A rejeição da imigração é a base dos discursos nacional-populistas em ascensão na Europa e nos Estados Unidos. Por detrás da rejeição do outro e da xenofobia encontram-se fatores económicos objetivos, tais como o desenvolvimento macroeconómico do país, a vulnerabilidade económica individual e a exposição à concorrência no trabalho. Ideologia, identidades e valores individuais desempenham um papel fundamental na formação das atitudes expressas nesses discursos em relação aos imigrantes, mas seria um erro pensar que a educação em valores por si só seja capaz de reverter os atuais níveis de rejeição.
Introdução
A rejeição da imigração tem uma base económica objetiva? Por outras palavras, a mudança das condições económicas no país pode afetar as atitudes em relação aos imigrantes? E, as condições individuais do local de trabalho também afetam essas atitudes? Para responder a estas questões, foram feitos dois tipos de análise. Em primeiro lugar, foi analisado o impacto da crise económica de 2008-2012 nas atitudes dos trabalhadores nativos em cerca de vinte países europeus. Verificou-se que a rejeição da imigração cresceu mais nos países que sofreram maiores quedas do PIB durante a primeira fase da recessão (2008-2010), especialmente quando estes países tinham também experimentado um elevado crescimento na taxa de imigração nos anos anteriores à crise. Em segundo lugar, foram analisadas as determinantes individuais das atitudes em relação à imigração, tendo sido constatado que tanto a vulnerabilidade económica dos agregados familiares como a exposição dos trabalhadores à concorrência no trabalho aumentaram significativamente a rejeição da imigração na Europa.

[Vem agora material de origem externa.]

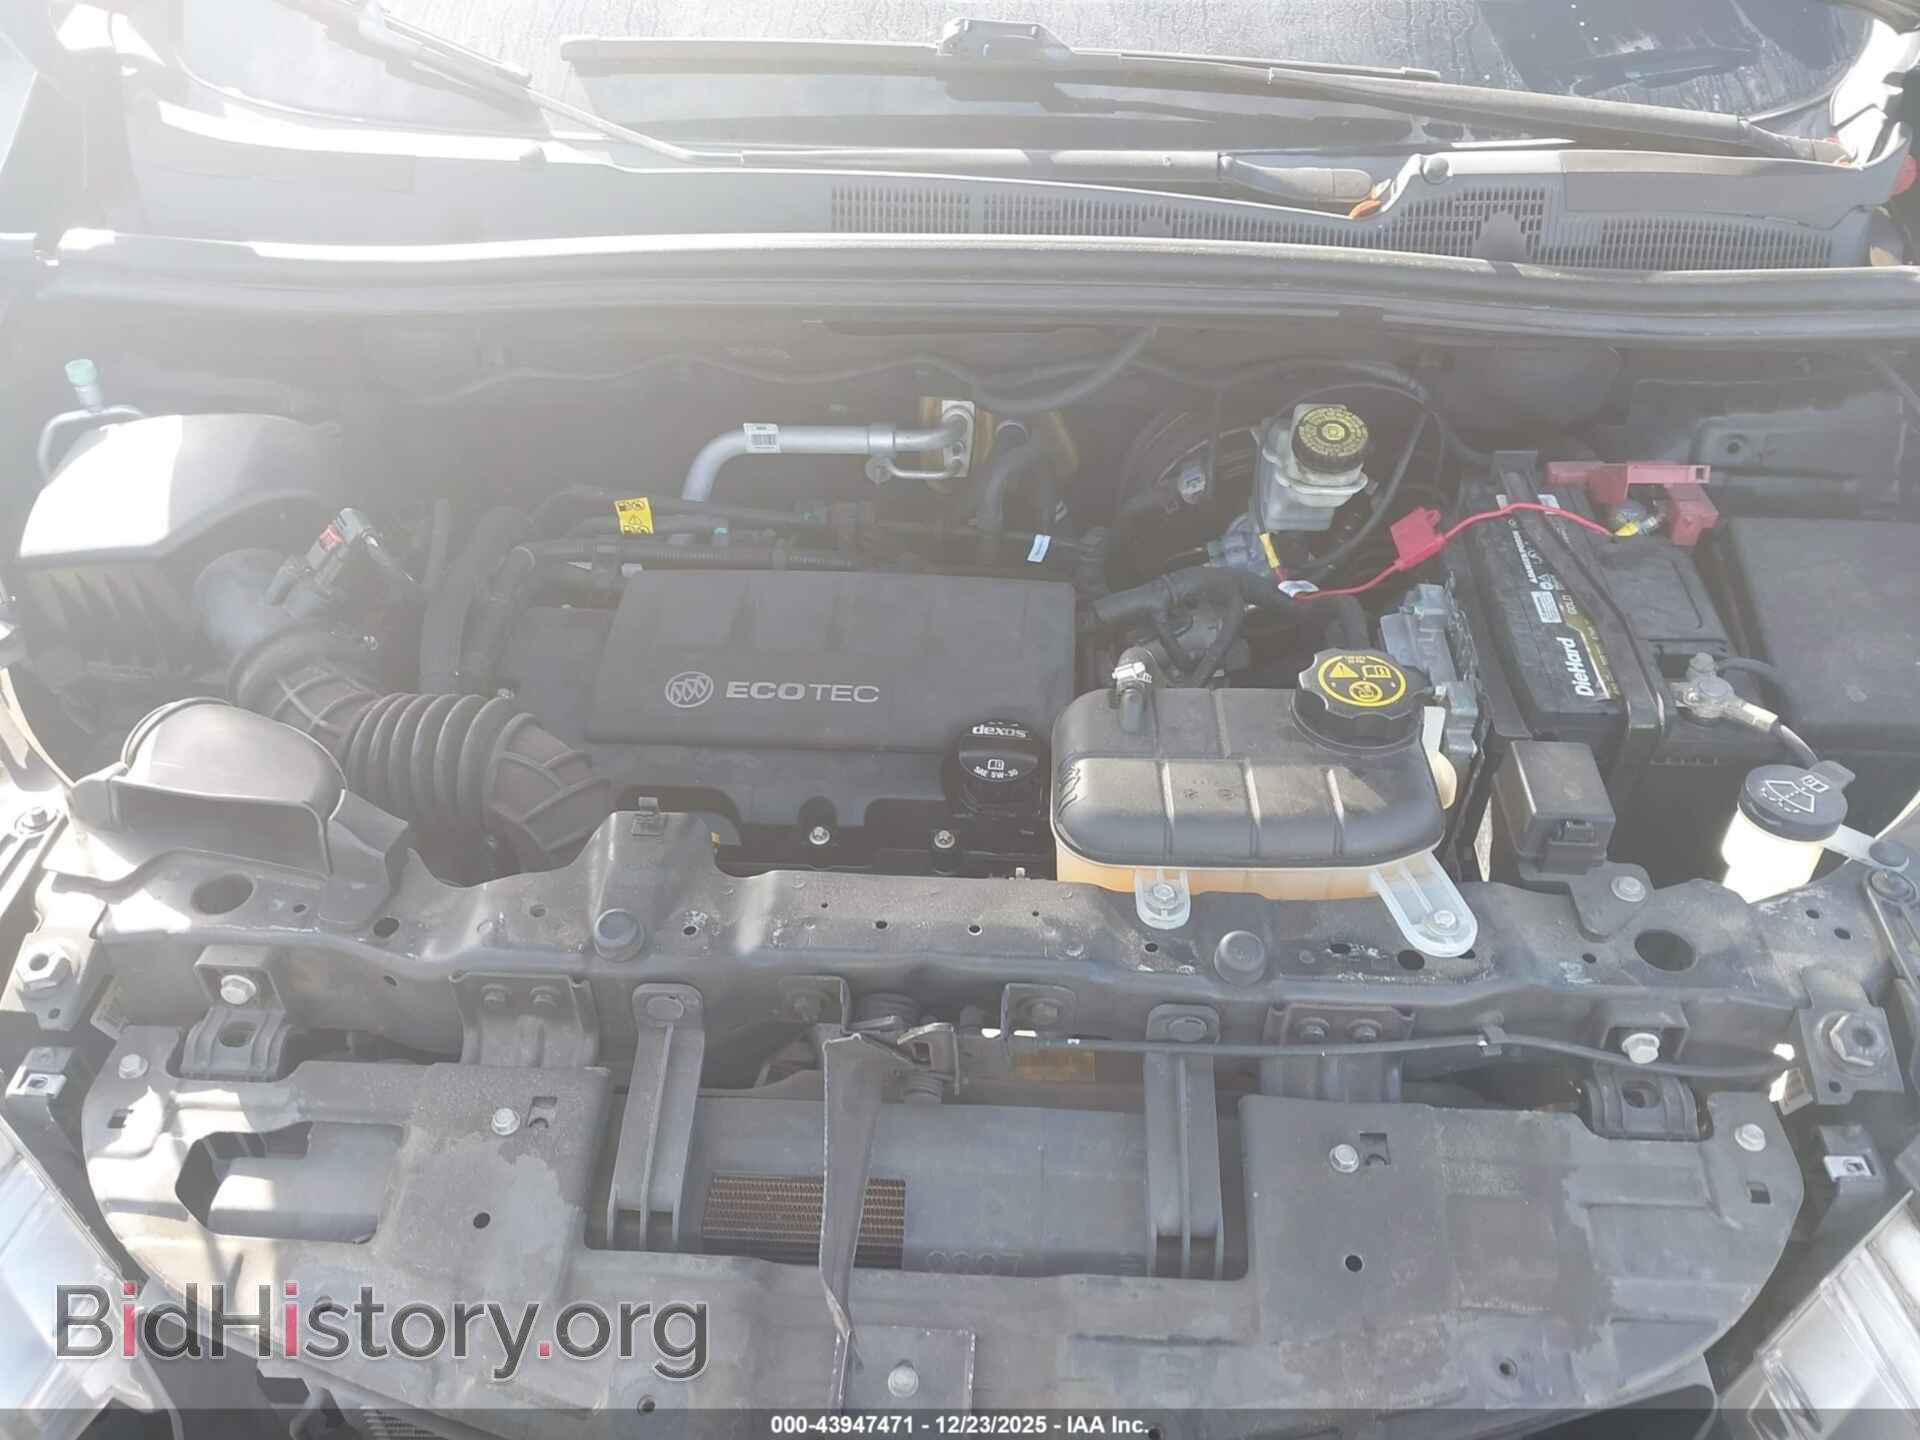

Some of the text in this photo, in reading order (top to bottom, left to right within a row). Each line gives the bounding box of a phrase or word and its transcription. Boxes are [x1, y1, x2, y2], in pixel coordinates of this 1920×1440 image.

1. O impacto da crise nas atitudes em relação à imigração na Europa
O estudo dos efeitos da crise económica de 2008-2012 sobre as atitudes em relação à imigração é de imenso interesse porque a rejeição dos imigrantes está no centro de muitos dos discursos populistas atualmente em ascensão na Europa. Para os investigadores sociais, o estudo desta crise é também enormemente interessante do ponto de vista metodológico, porque oferece uma espécie de experiência natural: um forte choque externo que afeta todos os países da Europa ao mesmo tempo, mas com intensidades diferentes. Esta variação no impacto da recessão torna muito mais fácil identificar a relação causal entre as condições económicas e as atitudes.
A investigação publicada na Socio-Economic Review (Polavieja, 2016) analisou o impacto da primeira fase da crise na mudança de atitudes em relação à imigração entre os trabalhadores europeus, utilizando dados da segunda e quinta vagas do Inquérito Social Europeu, realizado respetivamente em 2004-2005 e 2010-2011, isto é, antes e depois da primeira fase da recessão, que decorre de 2008 a 2010 e é a sua fase mais intensa. O referido estudo utiliza uma amostra representativa de aproximadamente 35.000 trabalhadores nativos de vinte países europeus.

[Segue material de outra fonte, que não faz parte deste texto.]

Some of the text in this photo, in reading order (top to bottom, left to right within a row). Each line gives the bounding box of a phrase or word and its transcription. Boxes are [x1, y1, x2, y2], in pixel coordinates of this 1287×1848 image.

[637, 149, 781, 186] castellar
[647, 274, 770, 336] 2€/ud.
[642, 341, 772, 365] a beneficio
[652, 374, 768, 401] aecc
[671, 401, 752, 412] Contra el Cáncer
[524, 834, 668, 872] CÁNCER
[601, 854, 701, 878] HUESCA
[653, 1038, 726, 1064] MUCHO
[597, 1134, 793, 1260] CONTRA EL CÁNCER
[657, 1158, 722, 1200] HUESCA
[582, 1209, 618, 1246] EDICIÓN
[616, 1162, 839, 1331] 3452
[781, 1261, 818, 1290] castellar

Todos os trabalhadores estavam empregados e tinham entre 20 e 64 anos de idade. A partir destes dados, calculou-se qual tinha sido a mudança média de atitudes em relação aos imigrantes em cada país entre as duas vagas estudadas, uma vez descontadas as diferenças na educação e na estrutura etária e de género da população ativa. As estimativas também tiveram em conta uma longa série de indicadores subjetivos relacionados com atitudes em relação à imigração (ideologia política, confiança social, religiosidade, valores igualitários e propensão para a felicidade), motivo pelo qual a mudança estimada entre as duas vagas pode ser considerada uma mudança líquida.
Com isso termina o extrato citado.